Tapi maksudku begini, aku percaya kita bisa minta apa aja sama Allah. Tapi Allah memberikan itu ke kita pasti lewat perantara kan, salah satunya dengan uang. Uang itu kan salah satu rezekinya Allah. Aku cuma mengkhususkan kata rezeki Allah menjadi uang. Yaa meskipun, apa yang kita mau itu bisa juga diberikan lewat perantara pemberian manusia dalam bentuk langsung barang atau hal yang kita mau.

Tapi pun itu dibeli pakai uang kan?

Gimana sih ya menjelaskannya. Intinya begitu lah guys.

Aku hanya menyampaikan pendapat, mungkin kalian bisa thinking lebih dalam lagi soal kebahagiaan kalian. Karena buat aku bisa menjawab pertanyaan Peni dengan tajam ini adalah bukan karena tiba-tiba kepikiran lewat aja, tapi aku merumuskannya dan menjawabnya dengan bahasa yang sangat kutata. Artinya, sudah banyak hal yang aku jadikan riset untuk kebahagiaanku sendiri.

Kalian bisa tanya ke diri kalian masing-masing. Jawaban itu nggak akan kalian dapat sekejap, tapi bisa kalian dapatkan perlahan bersama hal-hal yang kalian lakukan tiap hari.

So, jawaban realistisku adalah uang.

Oke ganti tema. Kemudian Peni nanya lagi. Ini pertanyaan sederhana sih. 

“Oke. Terus Sid, ini pertanyaan hepi-hepi. Apa hal yang paling membuat lu bahagia?”

Nah, garis bawahi kalimat ‘hal yang paling membuat lu bahagia’. Ini hal ya. Berarti kegiatan atau aktivitas yang sangat aku senangi. Jawabannya adalah :

“Aku merasa sangat bahagia ketika bisa jalan-jalan sendirian ke tempat yang ramai,”

Ya. Ini sedikit aneh, tapi ini yang aku rasakan. Aku bahagia ketika ngobrol sama teman, aku bahagia ketika bisa makan makanan kesukaanku, aku bahagia ketika selesai bekerja, aku bahagia punya teman banyak, aku bahagia bisa jadi orang yang mandiri, tapi aku paling bahagia ketika bisa pergi jalan-jalan sendiri ke tempat ramai.

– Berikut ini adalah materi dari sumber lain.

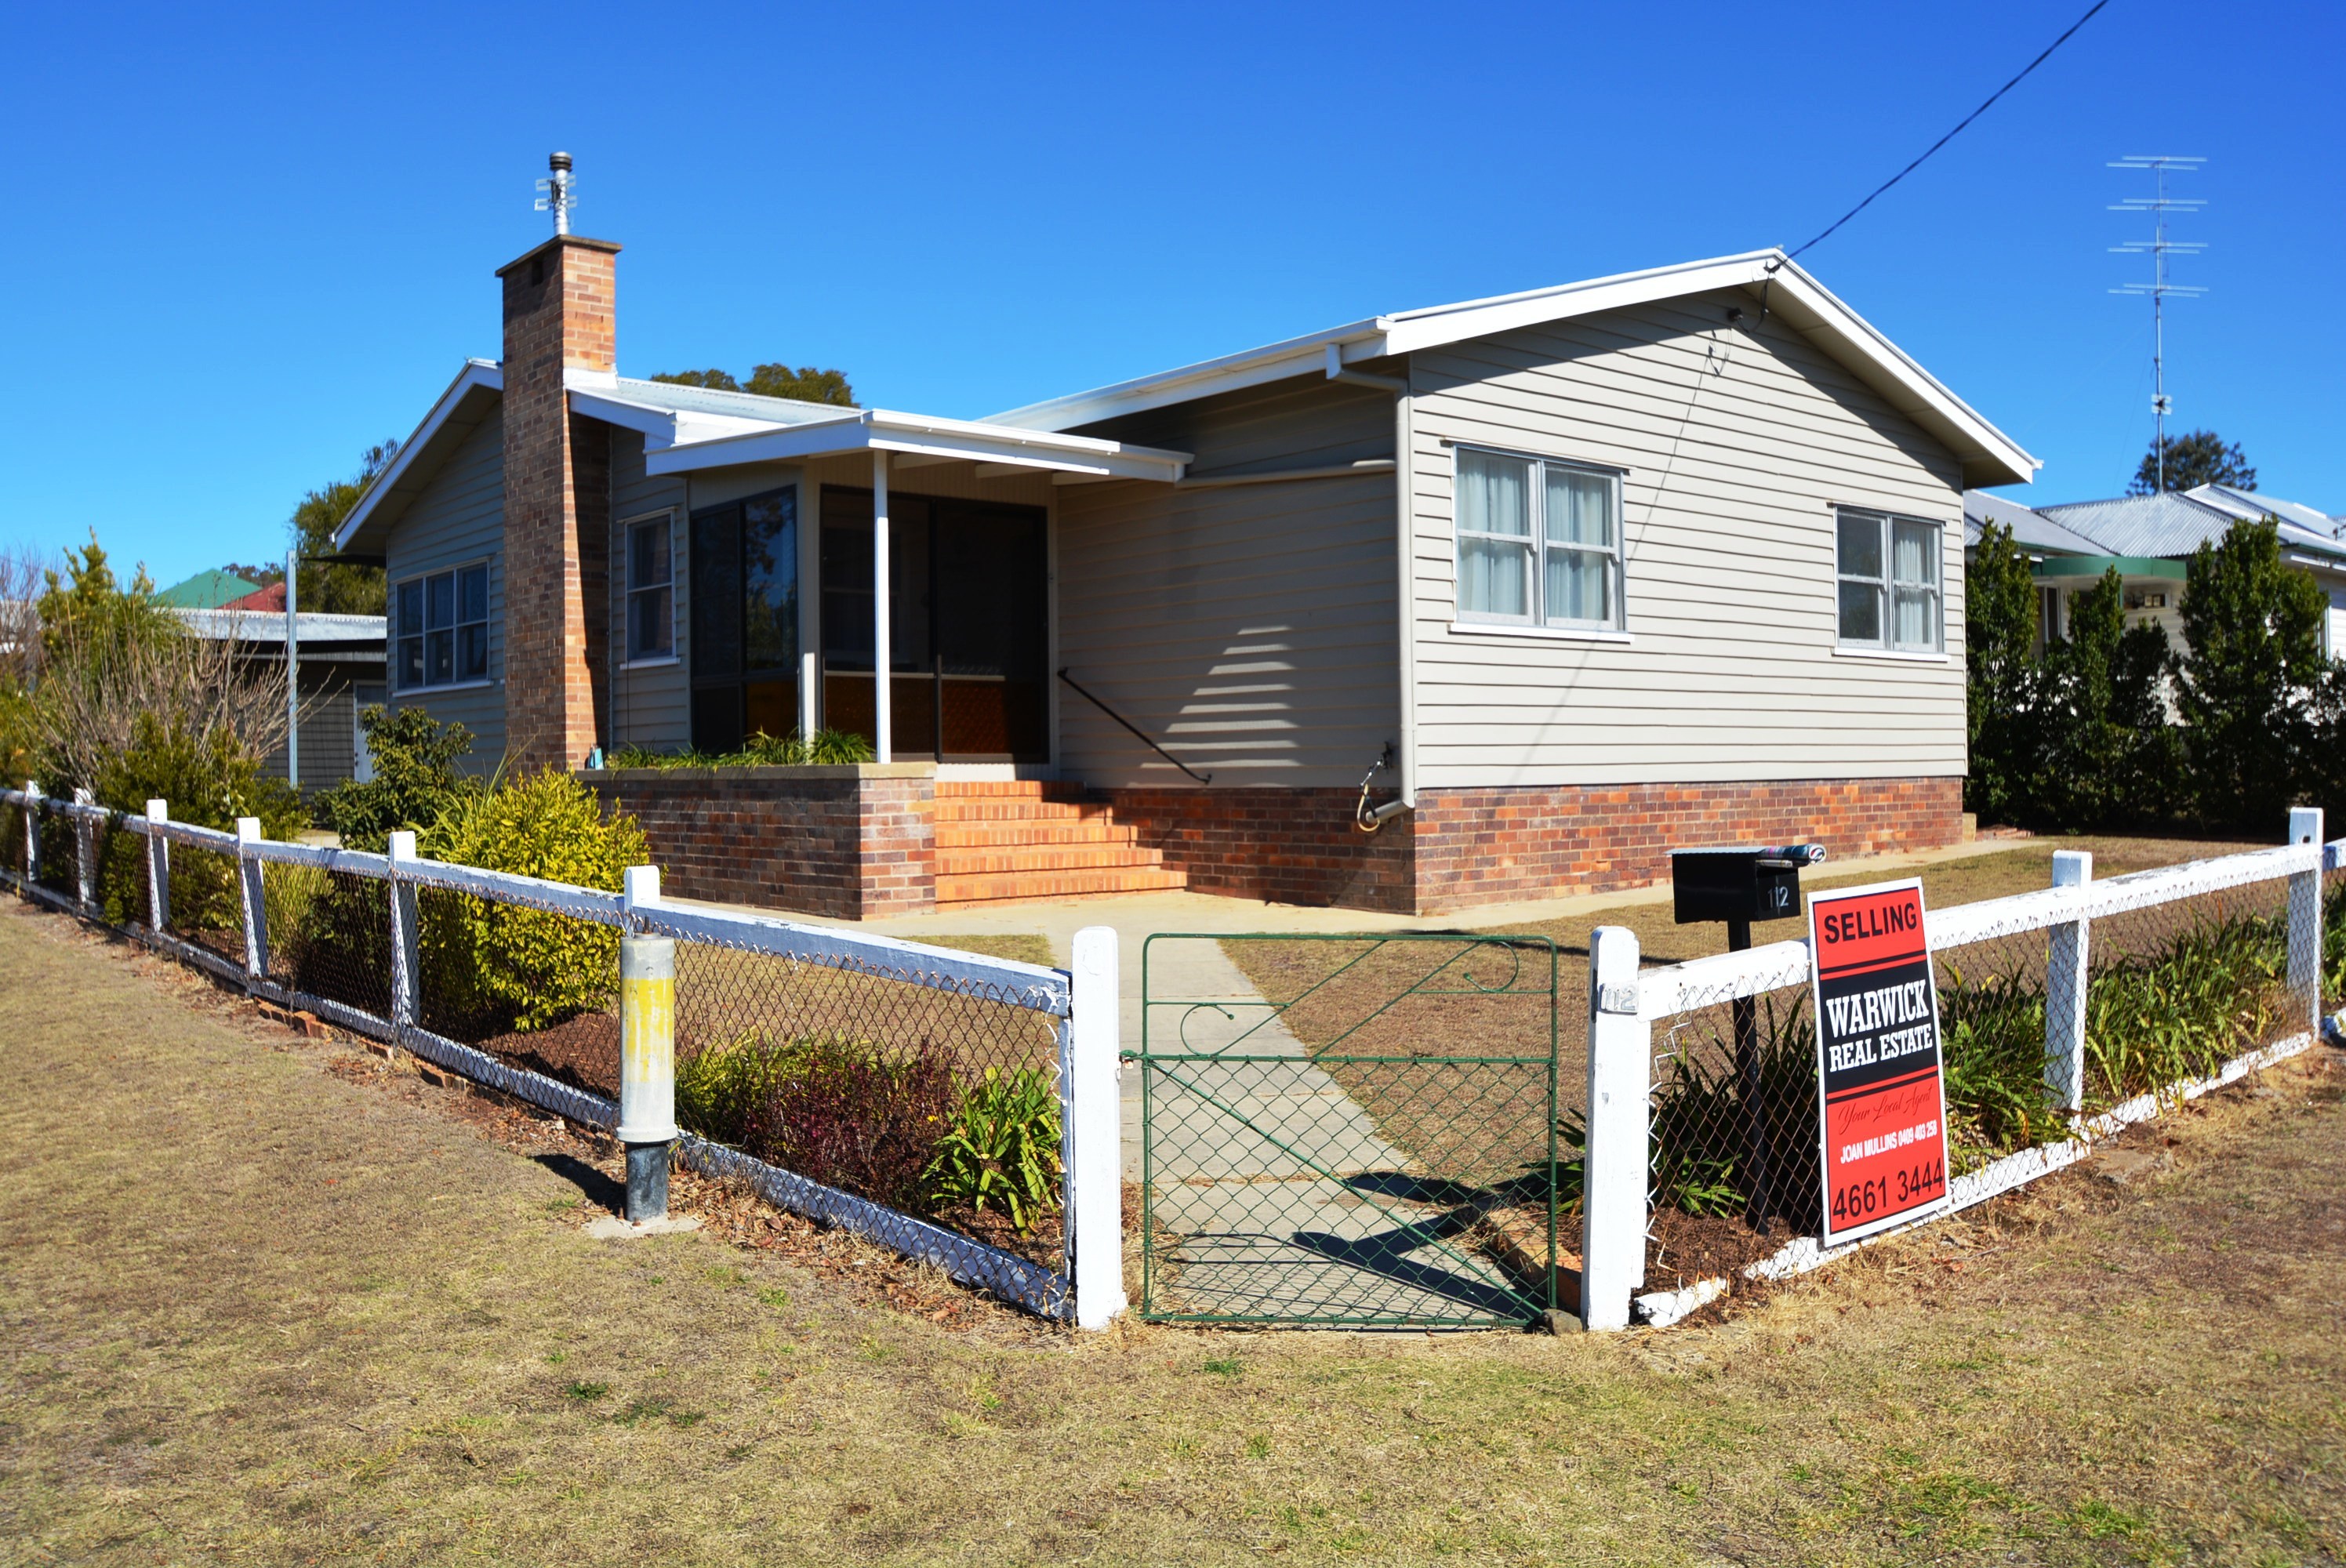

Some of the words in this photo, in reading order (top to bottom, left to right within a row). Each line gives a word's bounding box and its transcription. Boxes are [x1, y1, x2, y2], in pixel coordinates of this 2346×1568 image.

[1824, 902, 1917, 944] SELLING
[1825, 979, 1930, 1038] WARWICK
[1828, 1038, 1877, 1073] REAL
[1879, 1023, 1933, 1062] ESTATE
[1838, 1102, 1871, 1136] Your
[1872, 1092, 1905, 1123] Local
[1902, 1083, 1934, 1116] Agent
[1840, 1142, 1864, 1164] JOAN
[1864, 1131, 1898, 1157] MULLINS
[1898, 1127, 1914, 1147] 0409
[1914, 1123, 1927, 1142] 403
[1926, 1120, 1937, 1138] 258
[1832, 1176, 1887, 1221] 4661
[1897, 1156, 1944, 1203] 3444

Jadi intinya, aku aneh guys wkwk.

Tiap orang punya keanehan masing-masing yang nggak selalu harus bisa ditoleransi orang lain. So, jangan merasa rendah. Aku orang yang sangat suka bersosialisasi, tapi puncak kesenanganku adalah ketika aku sedang sendiri. Aku rasa itu wajar.

Hehe.

Oya, soal berpergian sendirian ini pernah aku bahas di artikel di kolom Me yg judulnya >> Suka Sendirian (btw bisa di klik aja judulnya yaa)

Di sini Peni nggak berkomentar. Karena pertanyaan ini, jawabannya mutlak di aku kan hehe.  Dan sekali lagi, aku hanya beropini teman-teman, kalian bisa menilaiku salah benar. Akupun bisa nggak suka dengan kebiasaan kalian meski kalian mengatakan bahwa itu hal yang wajar. Atau sebaliknya kan.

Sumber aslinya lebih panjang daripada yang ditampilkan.